The task => For this exercise, retype every record below exactly and keep the pictures out.

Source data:
----
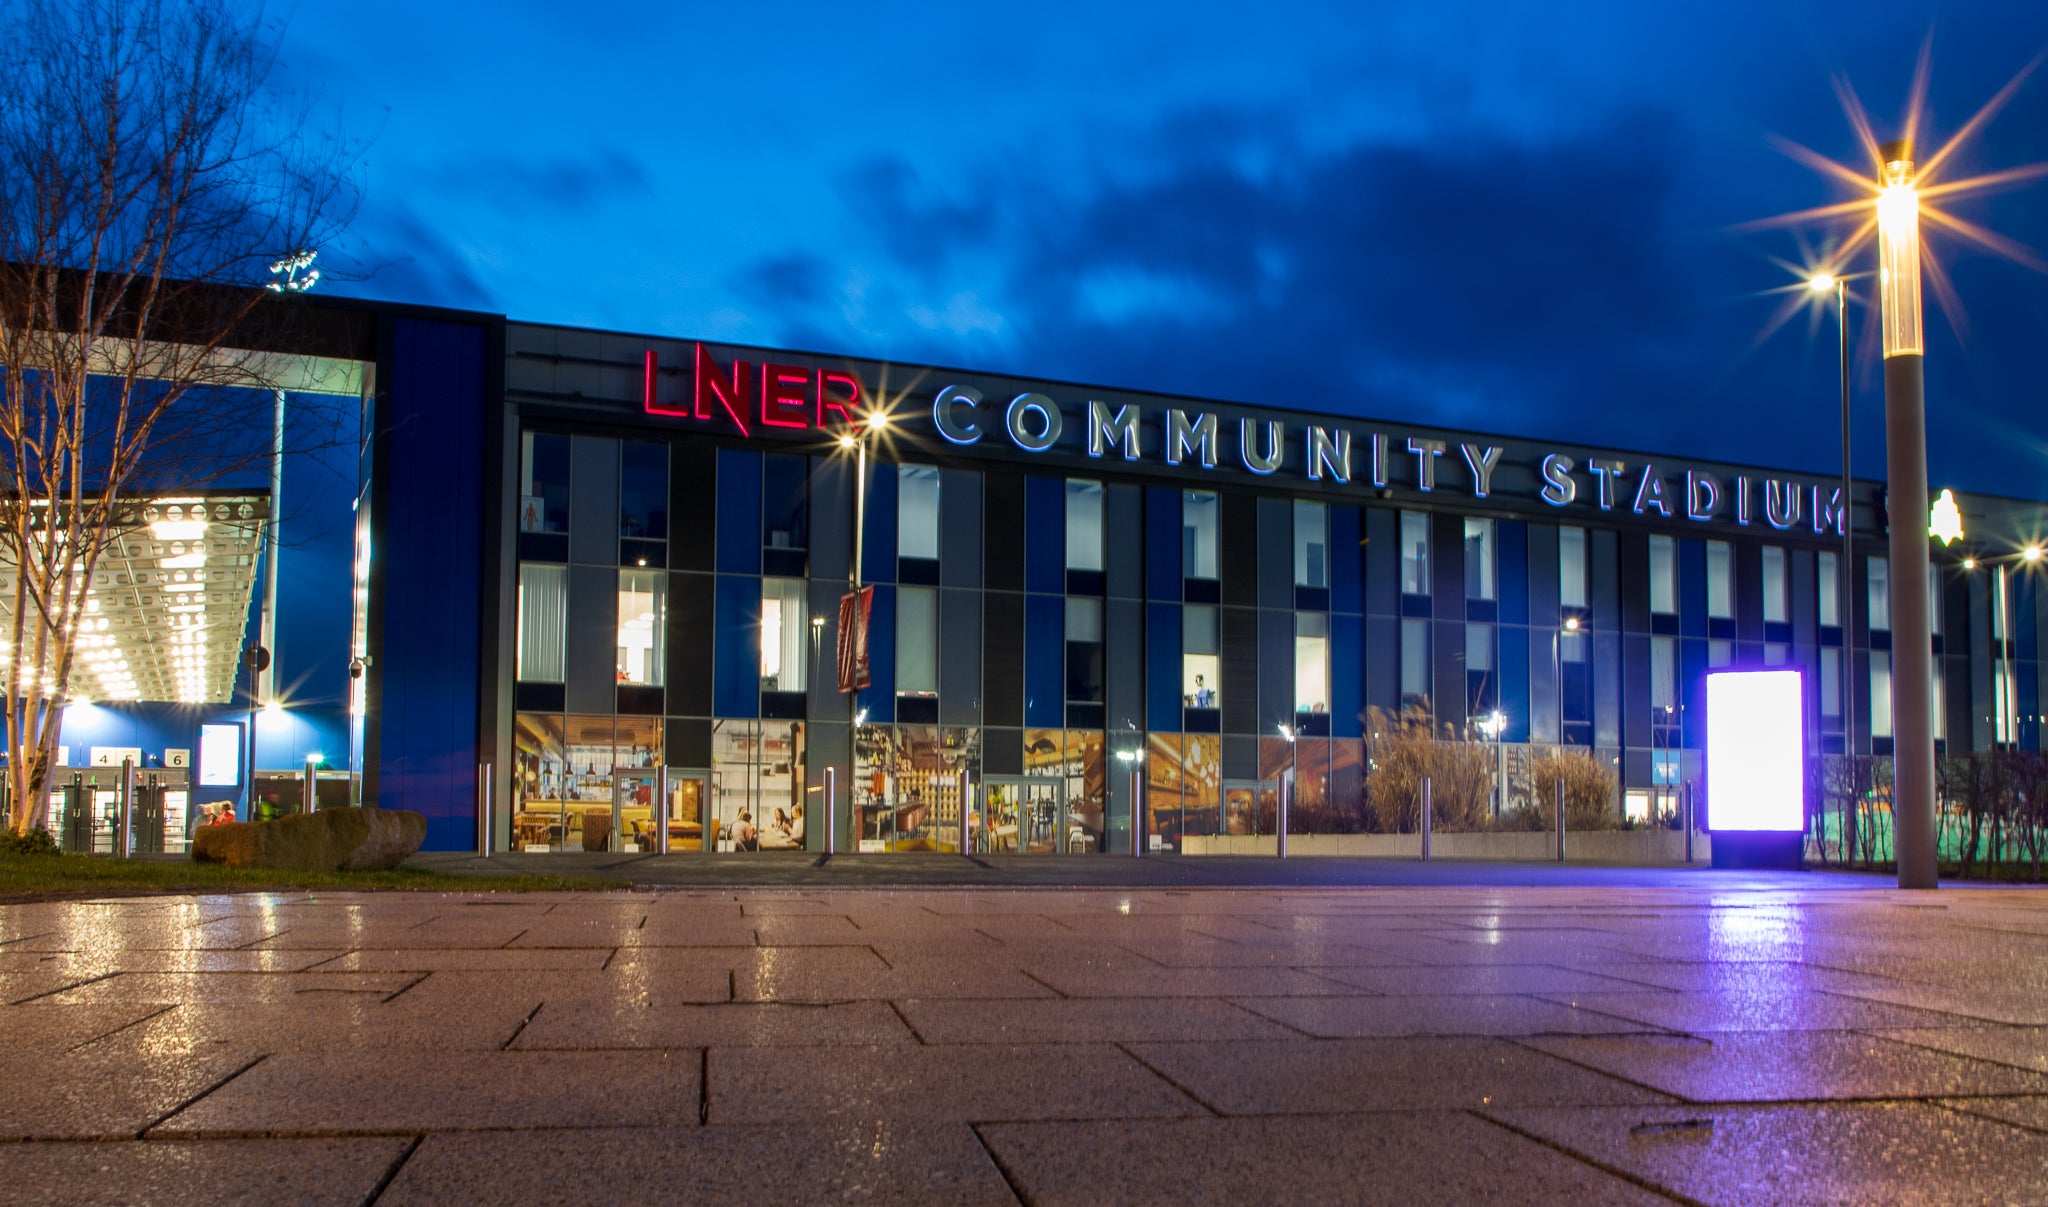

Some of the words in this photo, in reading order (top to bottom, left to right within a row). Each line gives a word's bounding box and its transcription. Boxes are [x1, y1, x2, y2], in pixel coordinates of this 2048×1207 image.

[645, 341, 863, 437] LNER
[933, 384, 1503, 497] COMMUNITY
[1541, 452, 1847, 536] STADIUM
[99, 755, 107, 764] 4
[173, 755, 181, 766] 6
----
Solution for this task =>
Some of the words in this photo, in reading order (top to bottom, left to right within a row). Each line gives a word's bounding box and its transcription. Boxes are [x1, y1, x2, y2], in pixel coordinates of this 2048×1207 image.

[645, 341, 863, 437] LNER
[933, 384, 1503, 497] COMMUNITY
[1541, 452, 1847, 536] STADIUM
[99, 755, 107, 764] 4
[173, 755, 181, 766] 6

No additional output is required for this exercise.